I'm not sure I agree with that. True, rankings are not always the best predictors. But there are plenty of practical effects of having a high ranking. For one, there's qualification for the year-end events. Many players have contracts that come with huge rankings bonuses. (No. 5 is worth more than No. 6. ) Seeding matters, especially at the smaller events, when a top seed can get a bye. Beyond that, I think there's basic value to having a system -- imperfect as it may be -- that identifies the top performers.

How come I don't read anyone getting to the real problem with the Safina/Williams debate? I think this can be the reason why Safina does well on regular WTA but not at Slams: the coaching. On Slams: no coaching; on WTA: coaching allowed.
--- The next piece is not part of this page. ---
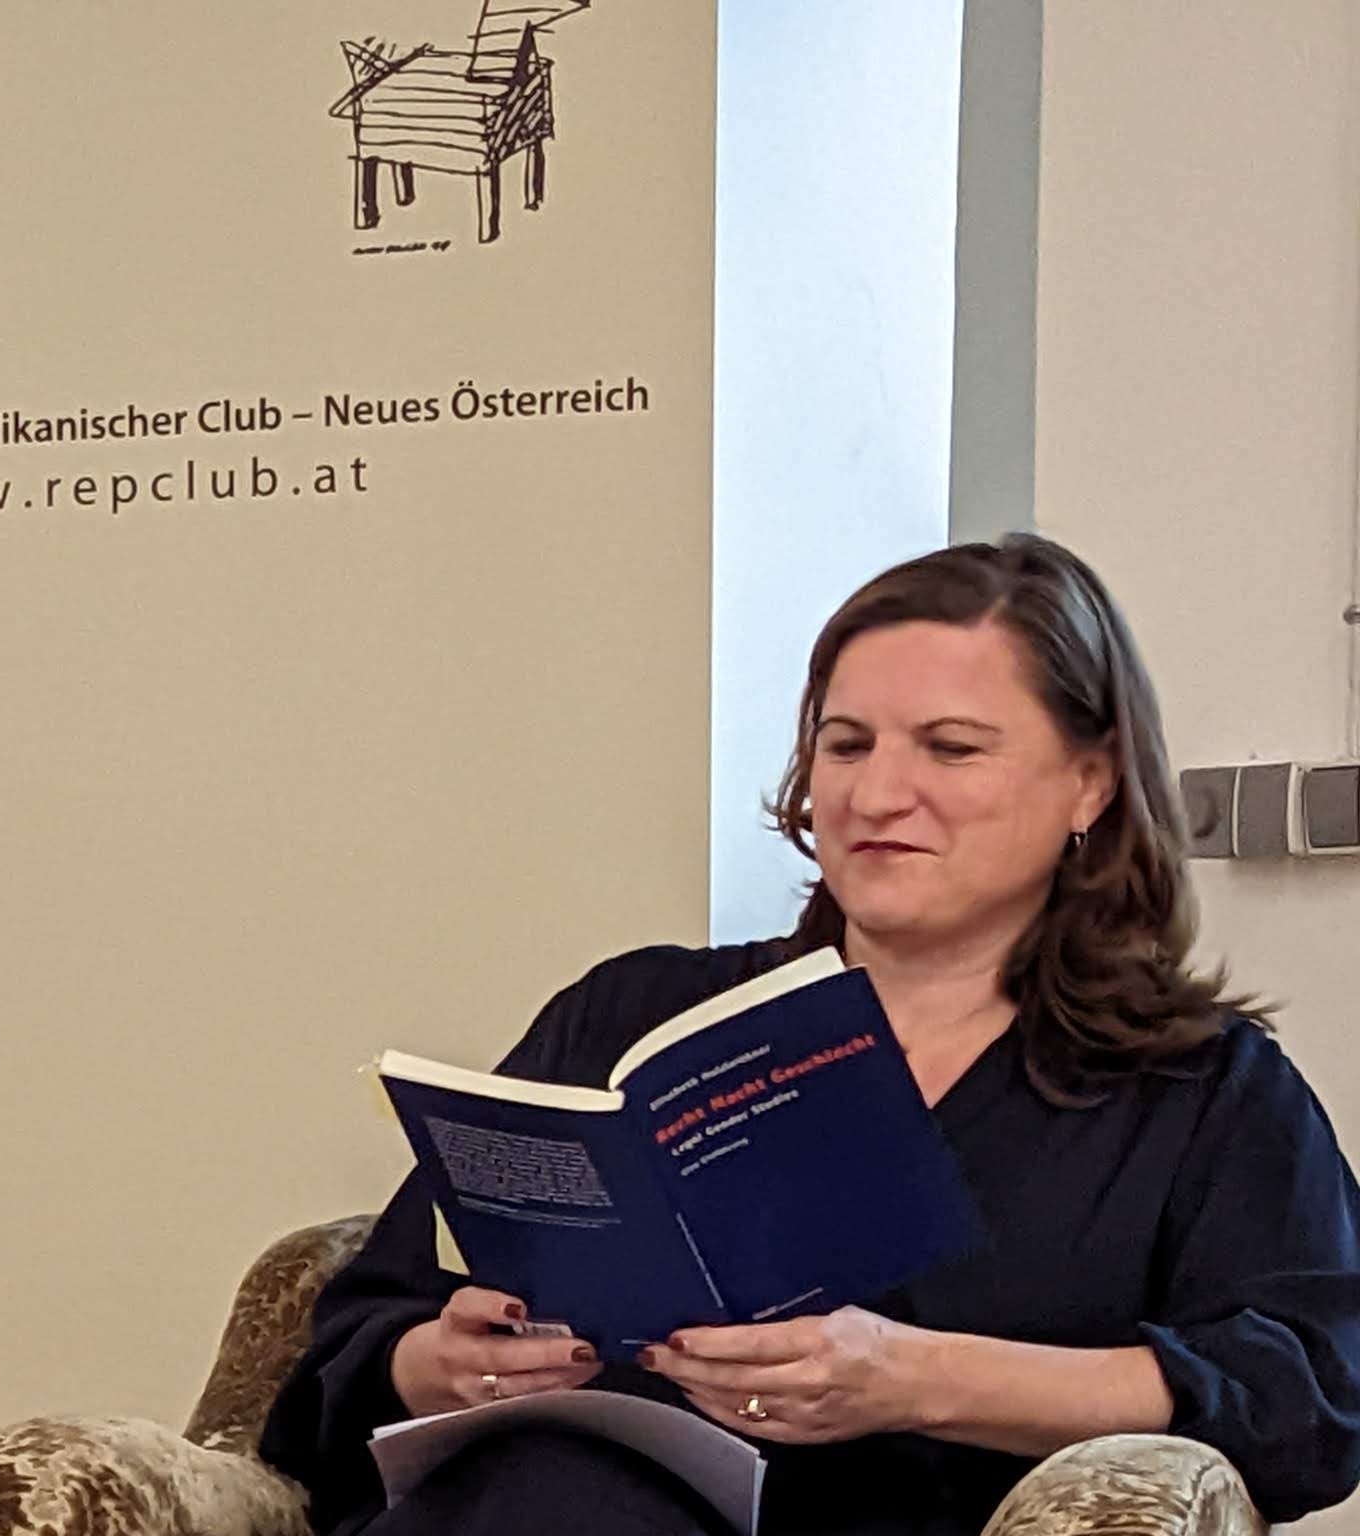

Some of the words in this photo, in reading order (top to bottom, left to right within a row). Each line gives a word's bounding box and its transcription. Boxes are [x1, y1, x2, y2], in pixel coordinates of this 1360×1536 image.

[197, 397, 283, 433] Club
[323, 394, 441, 427] Neues
[450, 379, 649, 420] Österreich
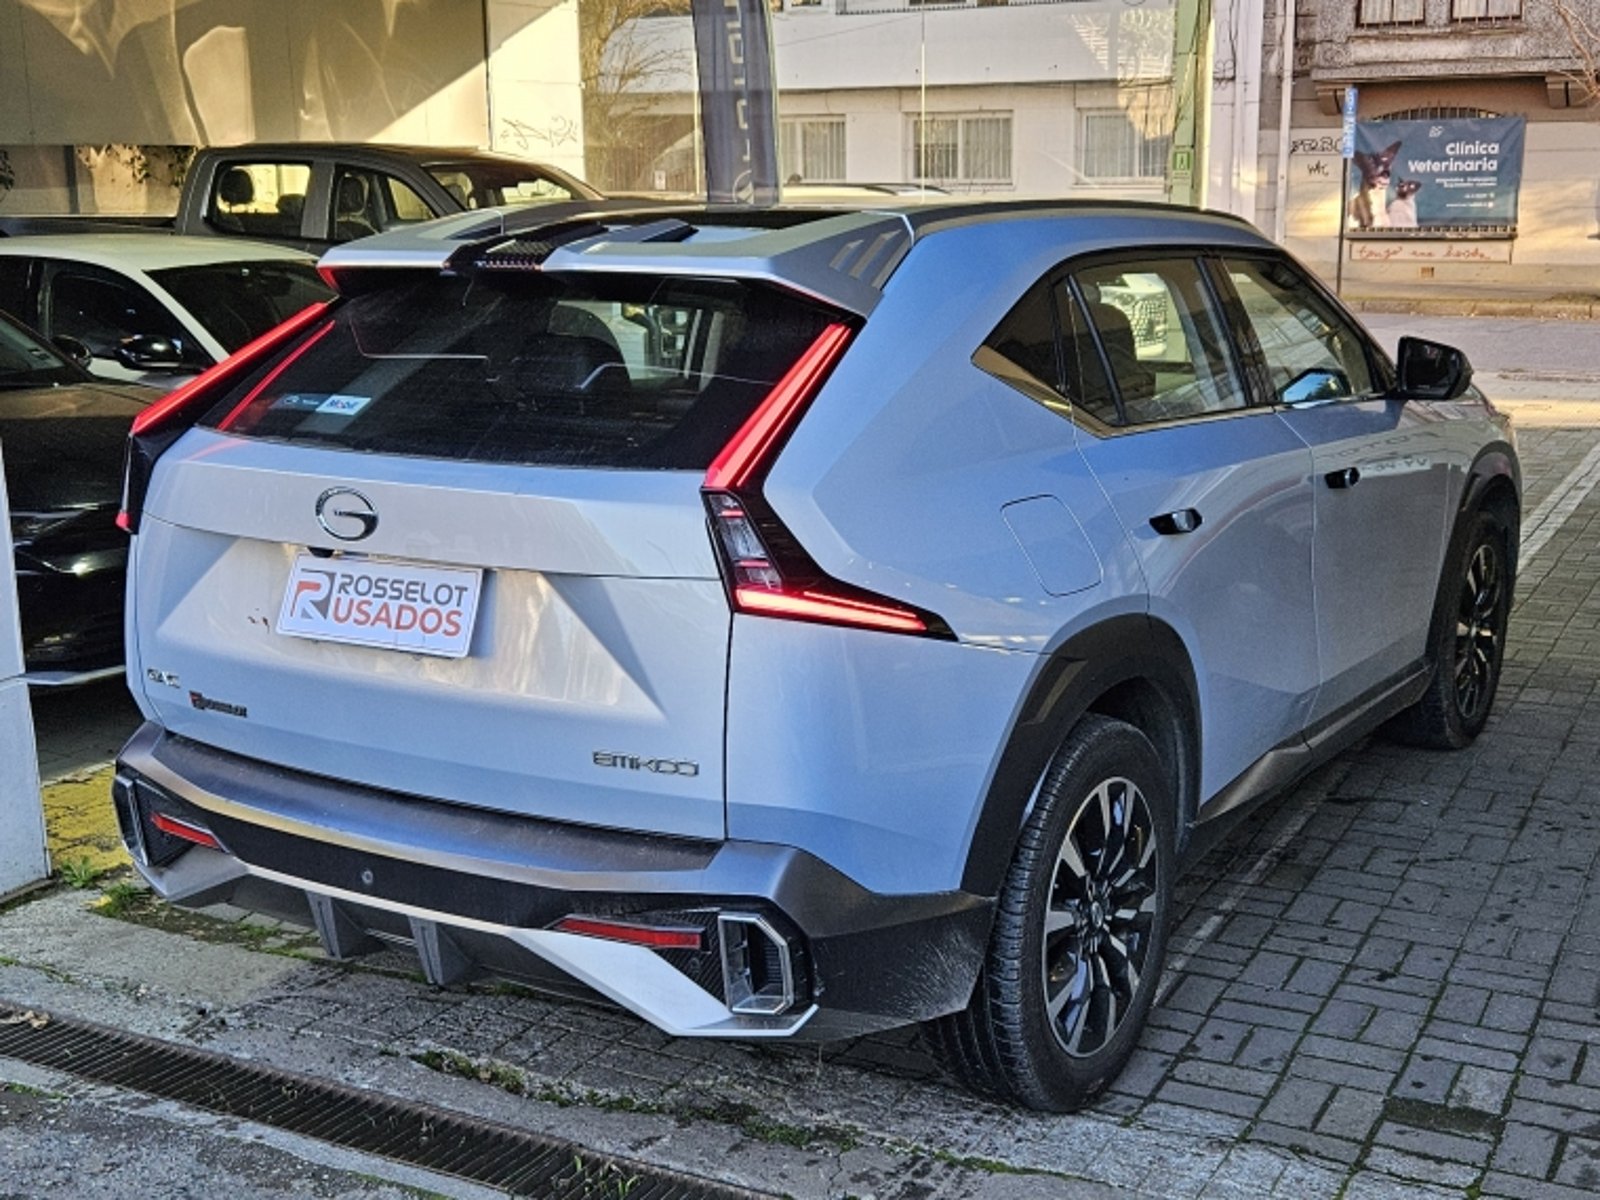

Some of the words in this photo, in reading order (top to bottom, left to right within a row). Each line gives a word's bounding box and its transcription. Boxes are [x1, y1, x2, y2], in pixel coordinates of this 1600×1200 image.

I've seen myself how Safina has been coached -- but really, I never have seen Serena or Venus having any coach to their side. Couldn't that explain why it has come to this. Stop the coaching on all tournaments, please.-- Kalevi, Taeby, Sweden

I don't agree that Safina's problem stems from on-court coaching. But this letter is still another example of why this "experiment" is so awful. It creates the perception that the players are helpless damsels in distress. On-court coaching not only runs counter to tennis fundamental values, but also is completely at odds with the feminist message the WTA tries to convey. Stacey Allaster, please. Accept this bit of coaching from the sidelines and do the right thing here.

And as long as you brought it up, this is still another point in the Williams' sisters favor. They are self-sufficient, rarely if ever turning to their aides-de-camp during matches. They'll figure out the situation for themselves, thank you.

I have always cheered for the players who seem to think of themselves as no better than the fans. Too many players seem to think that they're entitled to be paid exorbitant amounts to play a game. I have rooted for Steffi, Pete Sampras, Roger, Bjorn Borg, Justine Henin and Lindsay Davenport, to name a few. Despite their successes, each seemed as if you could meet them in the street and not know that they were able to hit a little fuzzy ball harder or more accurately than the average Joe or Josephine. With that in mind, can you come up with a top ten most-down-to-earth players list?-- Ron Croswell, Maple Ridge, British Columbia

I like your thinking -- and I suspect most fans do as well. Athletes are afforded opportunities that don't come to most of us. They are often wealthy to the point of abstraction. They get to pursue their passion for a living. I sense that most fans don't begrudge them that livelihood or their salary. (Personally, so long as the market is creating enormous opportunity for wealth, I'll side with labor over management nine times out of 10. Id rather the players make the cash than rich ownership group.)

By the same token, I think we like it when a) athletes show a realization that they are lucky. b) the fans/consumers are paying their salaries. c) their status hasn't corrupted their sense of self.

Not sure I have a top ten list, but I would contest that tennis fares very (under-ratedly) well in this respect. From Andy Murray playing in his Scottish club championships (even paying for his sandwich lunch) to Nadal and Uncle Toni flying coach because the expense is impossible to justify, I think tennis players "seem to think of themselves as no better than the fans."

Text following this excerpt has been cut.